Un avis partagé par la médecin généraliste Tura Milo, invitée de BFM TV le 30 décembre, qui jugeait « absurde » cette extension, car elle va « compliquer la vie des gens ». Pour une réelle efficacité face à ce « haut plateau » actuel de l’épidémie en France, il faudrait, selon elle, commencer à vacciner les personnes dans les départements plus durement touchés.

Pour Guillaume Rozier, auteur du site CovidTracker, le couvre-feu ne serait pas le seul responsable de la baisse du pourcentage du nombre de contaminations dans les départements où il a été avancé depuis le 2 janvier. Car cette baisse s’observe en réalité depuis le 25 décembre.

Si l’on compare les départements où le couvre-feu a été instauré à 18h, la hausse du nombre de contaminations observée était de 30 % le 25 décembre, contre 55 % dans les départements où le couvre-feu était établi à 20h depuis le déconfinement.

La « moins mauvaise mesure entre devoir reconfiner et ne rien faire »

Pour le Pr Yvez Buisson, avancer de deux heures le couvre-feu va « limiter les rassemblements, les rencontres et les activités qui génèrent une plus grande transmission du virus », affirmait-il au micro de RMC le 30 décembre.

Car 18h est souvent le moment de la journée où les gens sortent du travail et s’adonnent à des activités de loisir. « Les personnes qui finissent à 17h vont être dans une situation de couvre-feu et seront priées de rentrer chez elles après leur travail.
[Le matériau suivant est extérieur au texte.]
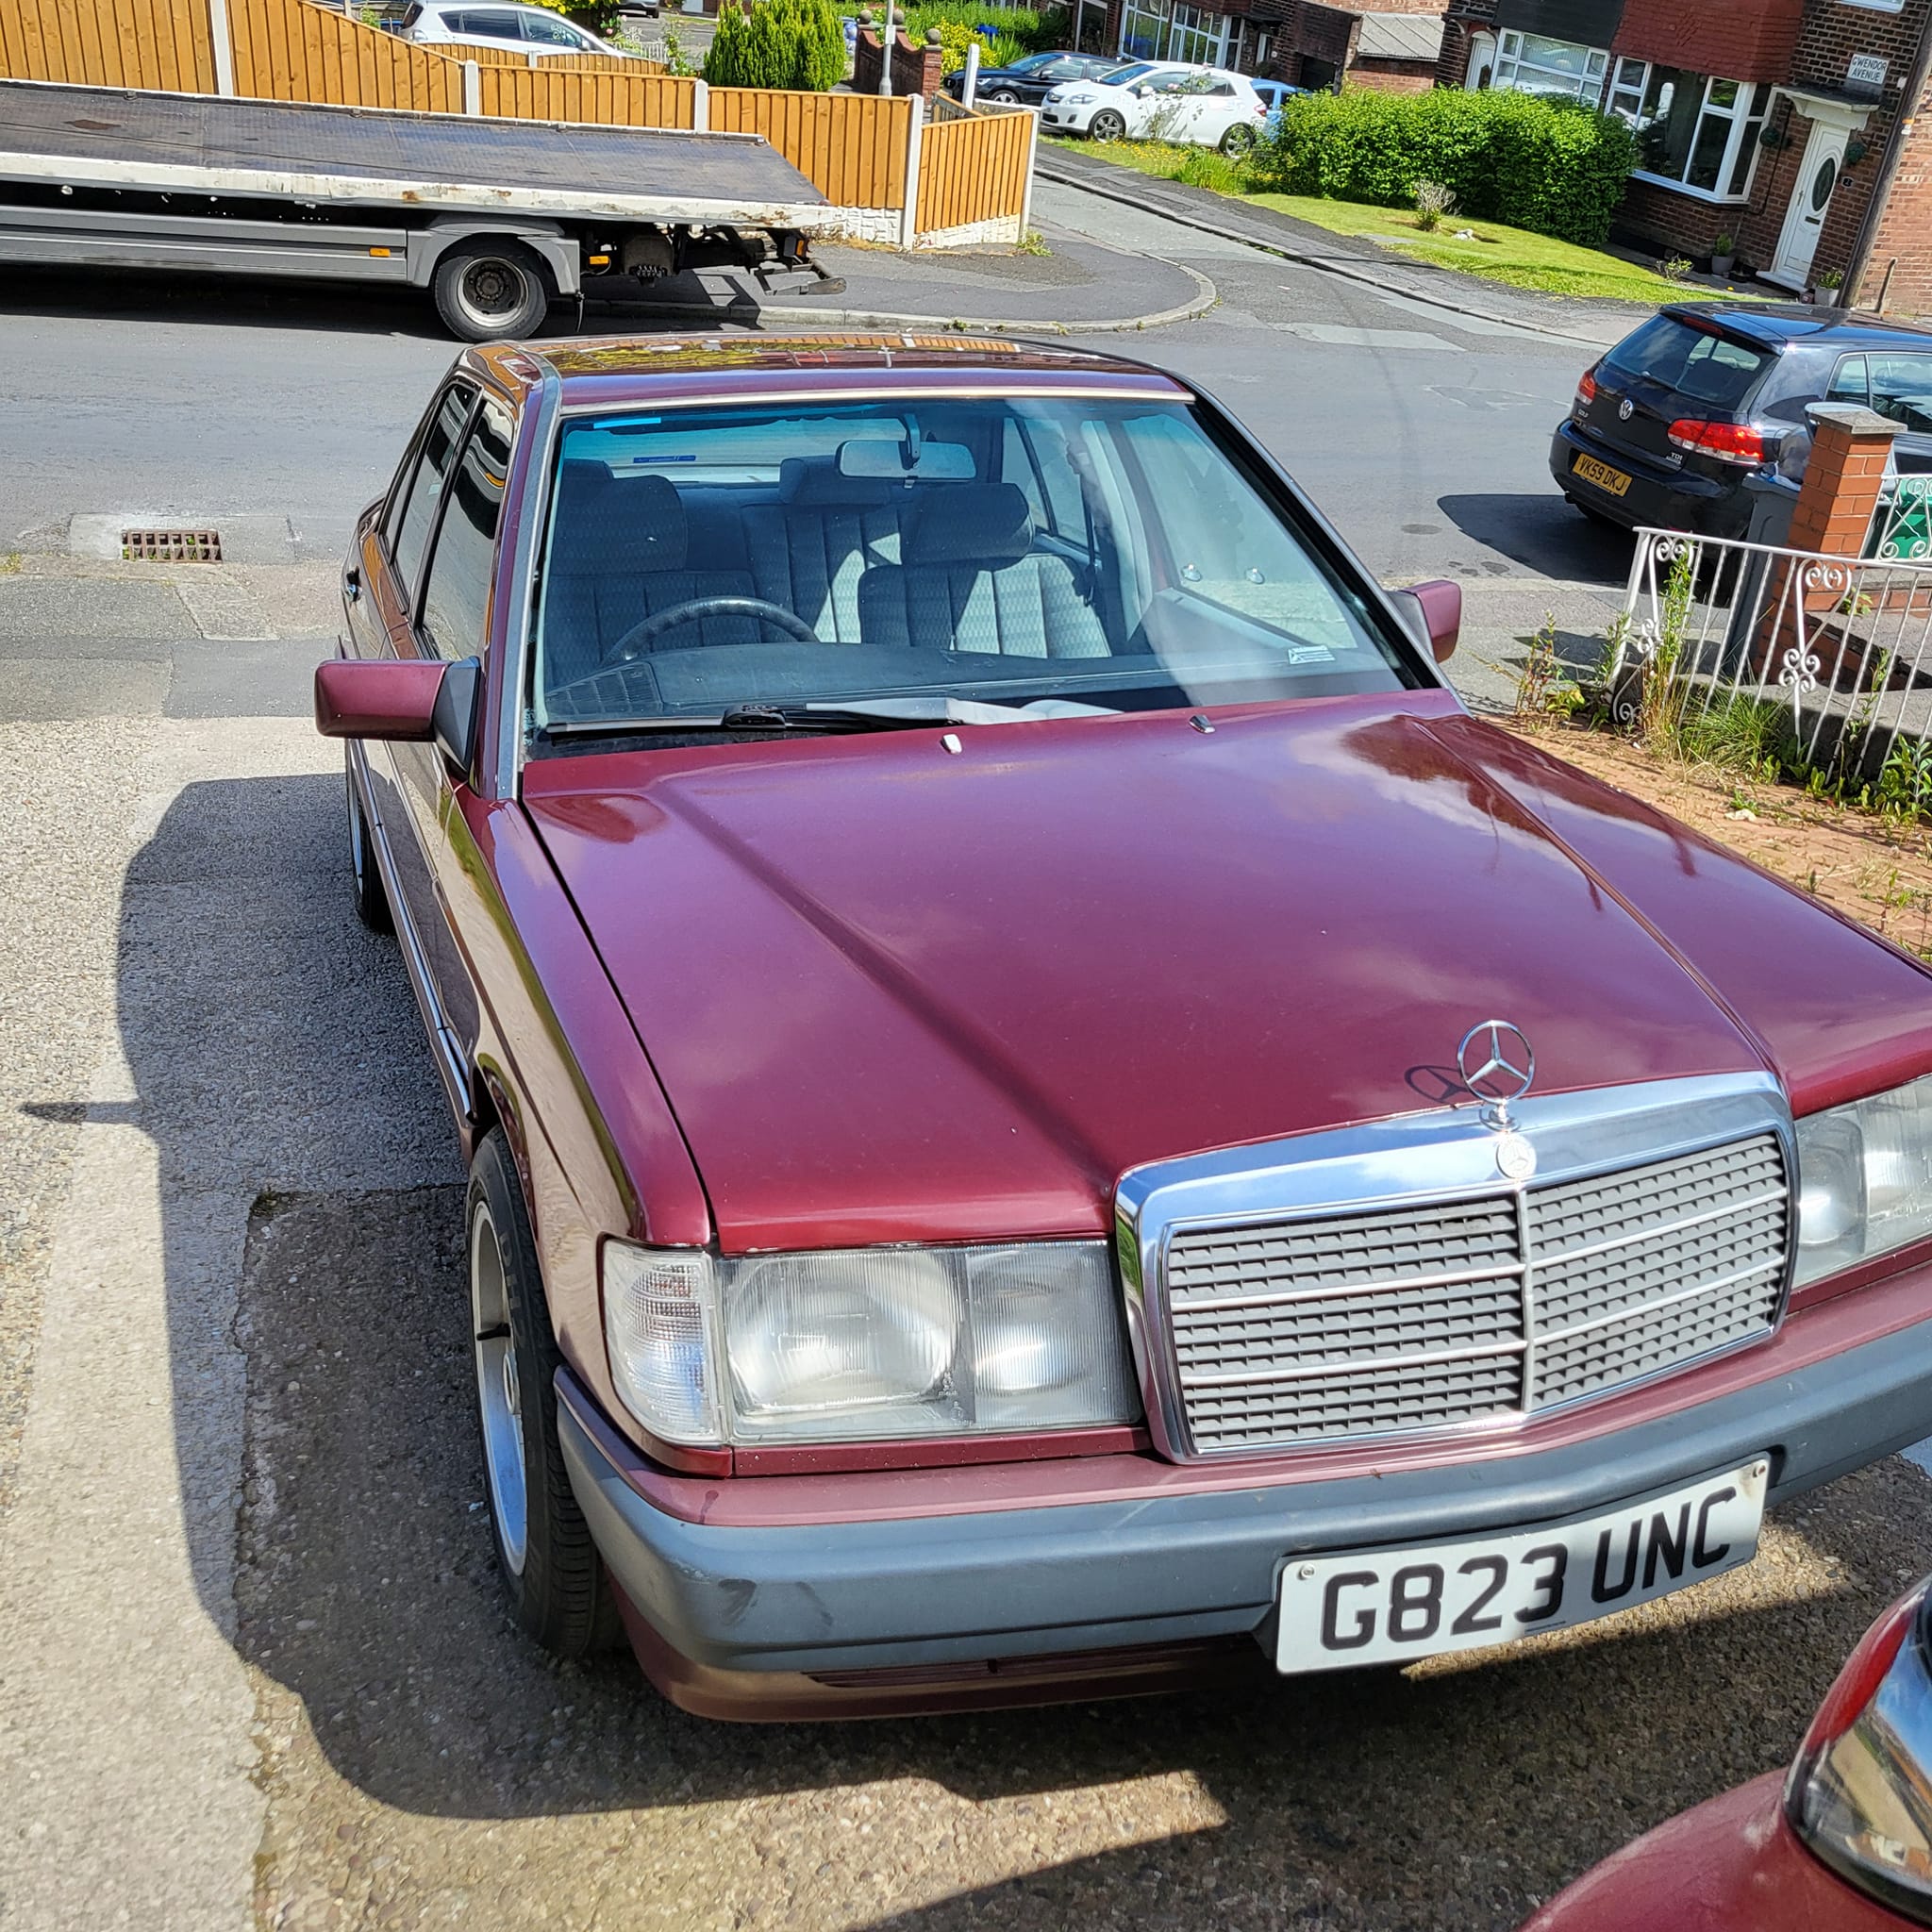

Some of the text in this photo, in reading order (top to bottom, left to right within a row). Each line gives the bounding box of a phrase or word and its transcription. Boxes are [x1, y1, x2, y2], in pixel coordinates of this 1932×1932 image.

Cela va les dissuader d’aller chez des amis ou de faire des courses », remarquait en effet Benjamin Davido chez BFM TV le 30 décembre.

Le couvre-feu avancé de deux heures va « complexifier la tâche de certains qui ne jouaient pas le jeu et agir comme une piqûre de rappel pour d’autres et leur rappeler qu’on est dans une situation inédite », ajoute-t-il. Il s’agit, pour l’infectiologue, de la « moins mauvaise mesure entre devoir reconfiner et ne rien faire ». Elle apparaît comme plus « acceptable » qu’un reconfinement, surtout en période hivernale.

Pour Pascal Crepey, enseignant-chercheur à l’EHESP, avancer le couvre-feu de deux heures « permet a priori d’éviter encore un peu plus ces contacts sociaux que l’on peut avoir avec nos amis. Il a évité que l’on puisse aller prendre un verre chez les uns ou chez les autres, juste après le travail », indiquait-il à LCI le 10 janvier. En clair, avec le couvre-feu de 20h, les dîners étaient impossibles. Avec celui de 18h, les apéritifs le sont aussi.

L’idée de conserver le système du couvre-feu et de l’étendre à l’ensemble du territoire fait peut-être suite à la publication de l’étude ComCor mi-décembre, comme le notait le Huffington Post le 3 janvier. Celle-ci révélait qu’une large part des contaminations, hors du foyer, avaient lieu dans le cercle familial et amical (pour 33 et 21 % d’entre elles). Inciter à ne pas sortir après 18h, c’est donc aussi limiter pendant deux heures cruciales la rencontre entre les personnes, notamment à la sortie du travail.